La sociedad del siglo veintiuno exige que el acceso a las nuevas tecnologías sea universal, pero para eso hay que romper con la brecha digital abierta. Y dentro de los grupos en riesgo de exclusión más importantes, sobresale desgraciadamente el de aquellos mayores, especialmente mujeres, con algún tipo de diversidad funcional.

Hablar de alfabetización en Europa a mitad del siglo pasado, era referirse a un proceso de escolarización para enseñar a leer o escribir a una parte importante de la población. Hoy sin embargo ese concepto se asocia con lo tecnológico o digital. Sin lugar a duda, porque en un momento de velocidad y cambios tan importante como éste, y con independencia de la edad de los sujetos, ninguno quiere perder ese tren de alta velocidad el que se mueve ahora la sociedad.

El 60% de las personas con discapacidad que estudian en la universidad son mujeres, el 40%, hombres. Afortunadamente, cada vez es así y más. De ellos:

  • 53% son personas con discapacidad física
  • 30% con discapacidad sensoria
  • 8% con enfermedad mental
  • 2% con discapacidad intelectual

Estos datos son muy importantes, porque hace 20 años no eran así, ni mucho menos.

Aprendizaje accesible en las TIC

En el caso del aprendizaje, las TIC son un facilitador a la hora de que las personas pedan acceder a una formación, formación especializada o formación, en general.
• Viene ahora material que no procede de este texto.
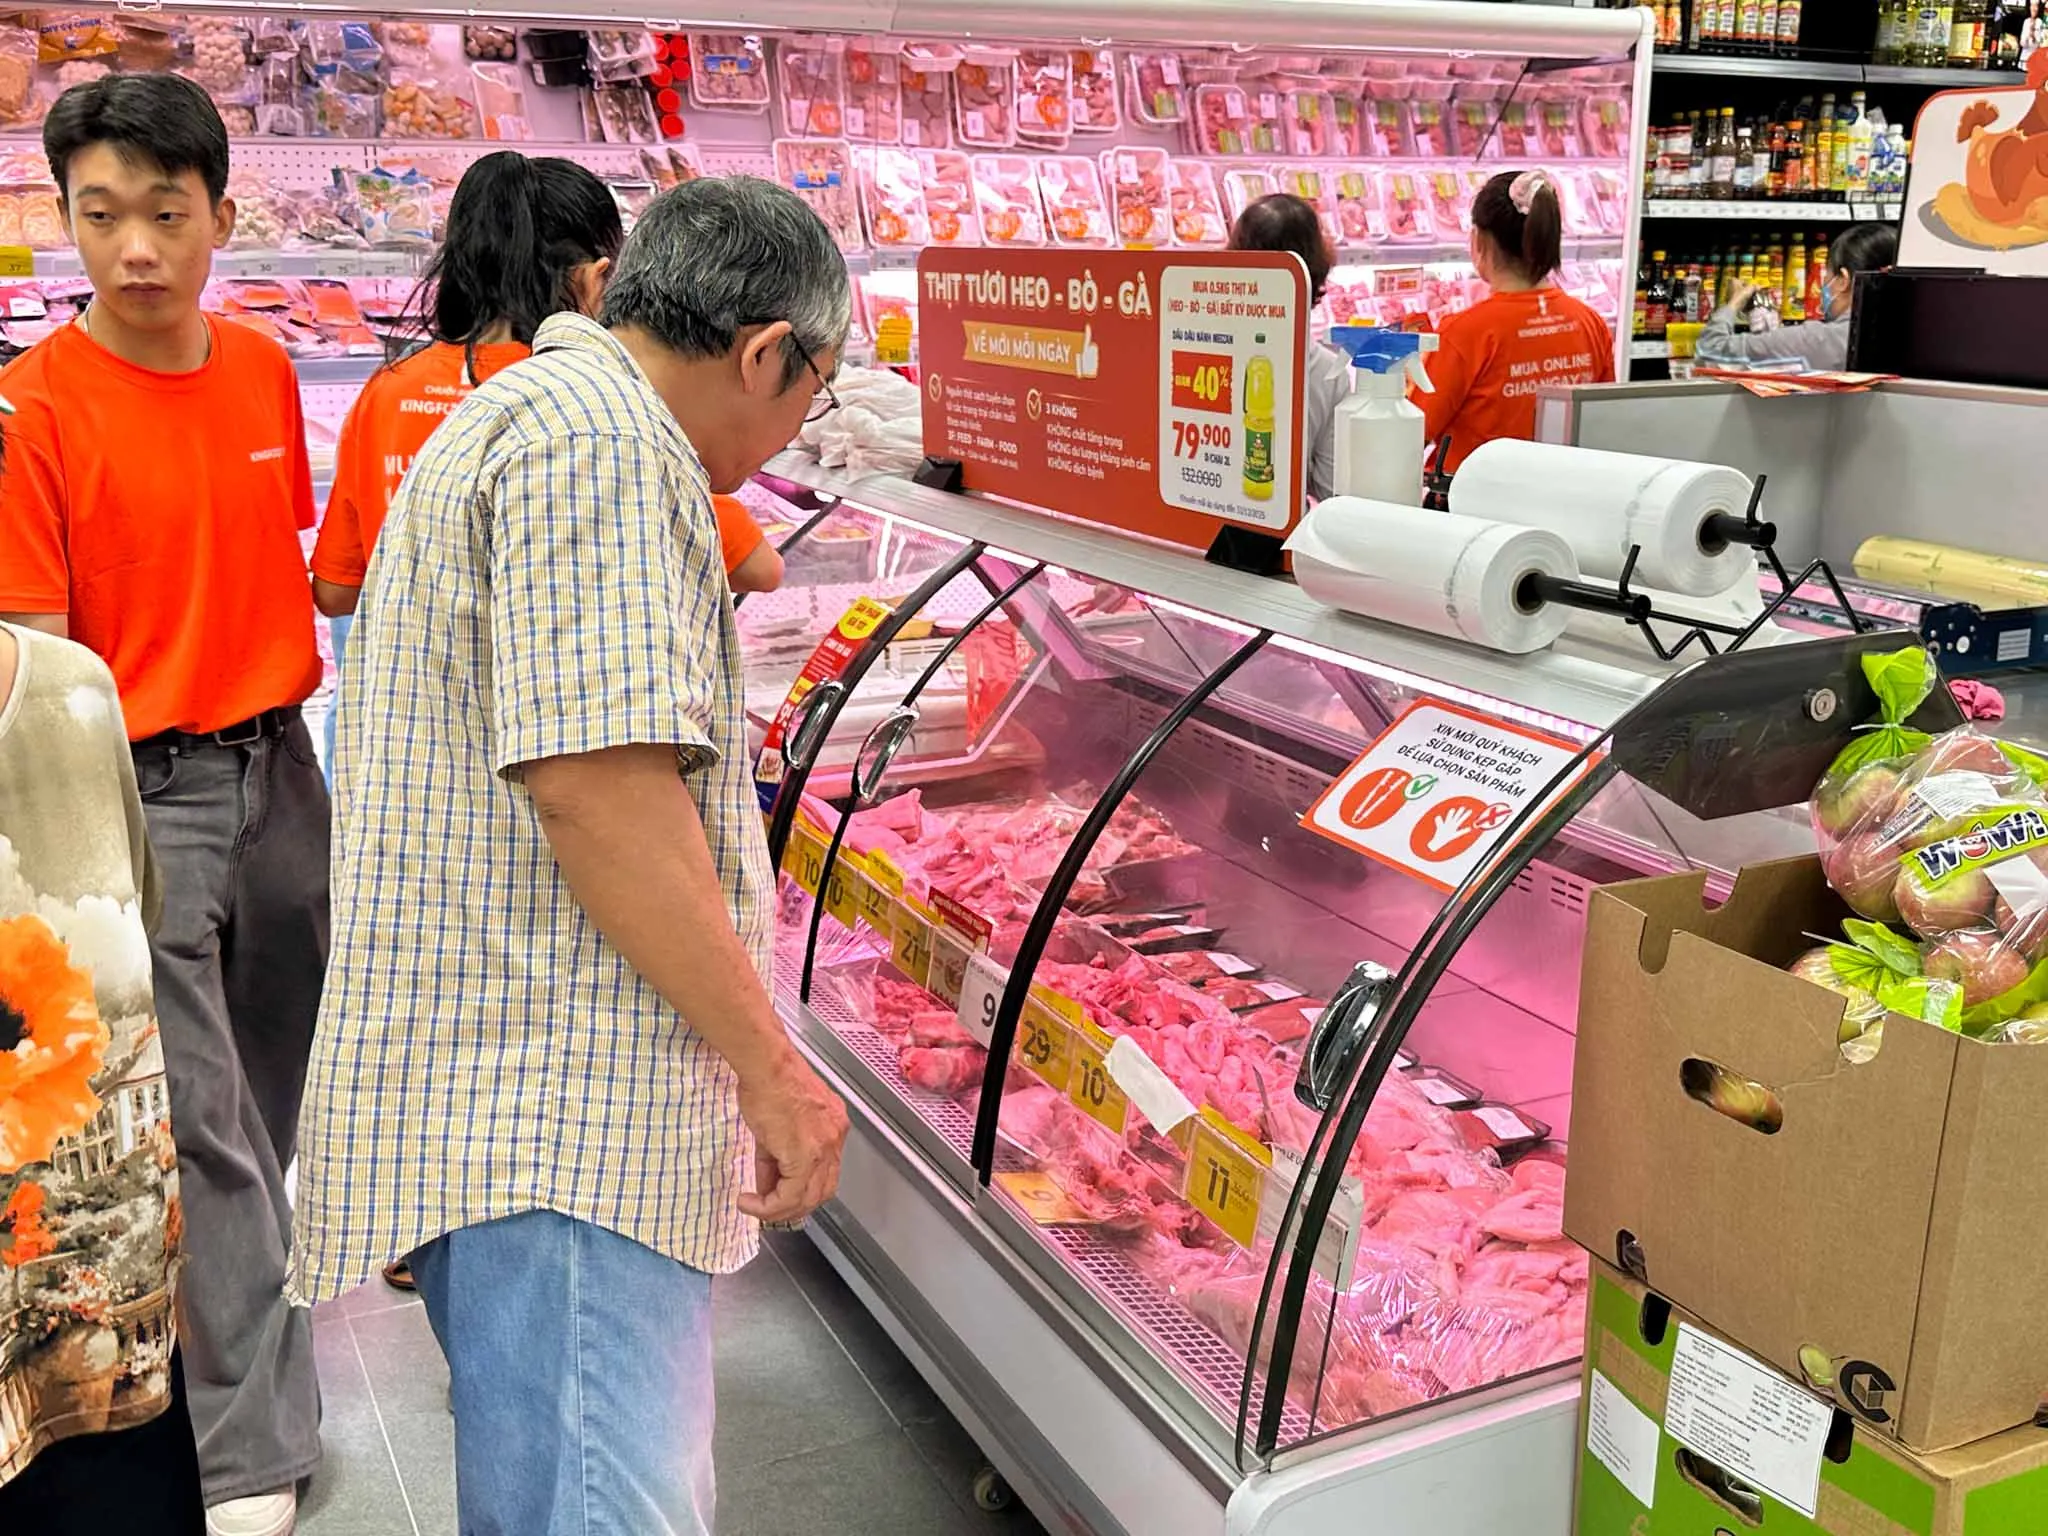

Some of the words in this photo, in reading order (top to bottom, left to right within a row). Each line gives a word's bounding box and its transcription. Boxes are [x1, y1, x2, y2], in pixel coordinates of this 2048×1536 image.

Por eso, se impulsan programas que hagan que las personas puedan aprender sobre el uso de las TIC, y fomentando, también, que ese aprendizaje se haga en un entorno accesible, que es clave a la hora de conseguir estos objetivos.

Un proyecto desarrollado por el grupo de investigación aDeNu, de la UNED, tiene como objetivo hacer accesible la universidad a las personas con diversidad funcional en todos los aspectos, tanto tecnológicos como de aprendizaje, a lo largo de toda la vida. El proyecto EU4ALL, como se llama, lo que ha nos ha hecho es aprender cómo hay que hacer las cosas para que todo sea accesible para las personas con discapacidad cuando accedan a la Universidad, cuando utilicen Internet para aprender, cuando lean documentos, cuando hagan prácticas, cuando hagan exámenes.

Ahora empieza una labor de concienciación, de formación, de trabajar con muchos profesionales diferentes; profesores, bibliotecarios, técnicos, como la gente del CEMAV, para seguir transmitiendo todos esos procesos a las cosas que se hacen en la Universidad; matriculación, producción de materiales, funcionamiento de la biblioteca, etc.

Invitados de universidades de distintos países, cuentan cómo las nuevas tecnologías y el e-learning, demuestran ser un apoyo eficaz en el proceso de aprendizaje en la vida adulta. Proyectos innovadores como la Web Inclusite, que apunta a la universalidad de Internet, o las nuevas aplicaciones educativas comprometidas con la accesibilidad, conforman un futuro abierto a la igualdad de todos los usuarios, y a su diversidad.

Enseñanza universal

Las tecnologías, cada vez más, forman parte de nuestra vida, y mucho más en la enseñanza y el aprendizaje, pero pensemos que, para muchas personas con diversidad funcional, es el único medio de acceso que tienen para la formación superior. No estamos hablando, simplemente, de un derecho, sino de una necesidad creciente a nivel global, de la cual todos salimos beneficiados.

Curiosamente, muchas de las tecnologías que se aplican para resolver los problemas de estas personas, terminan siendo cuestiones básicas que nos acostumbramos a utilizar porque nos vienen muy bien, véase un vibrador de un teléfono, pantallas táctiles, u otras muchas cuestiones.

Por todo lo anterior es muy importante, hacer hincapié en la relación entre la brecha de género y la diversidad funcional de forma que la enseñanza y el aprendizaje TIC pueda ayudar en su reducción y universalización respectivamente.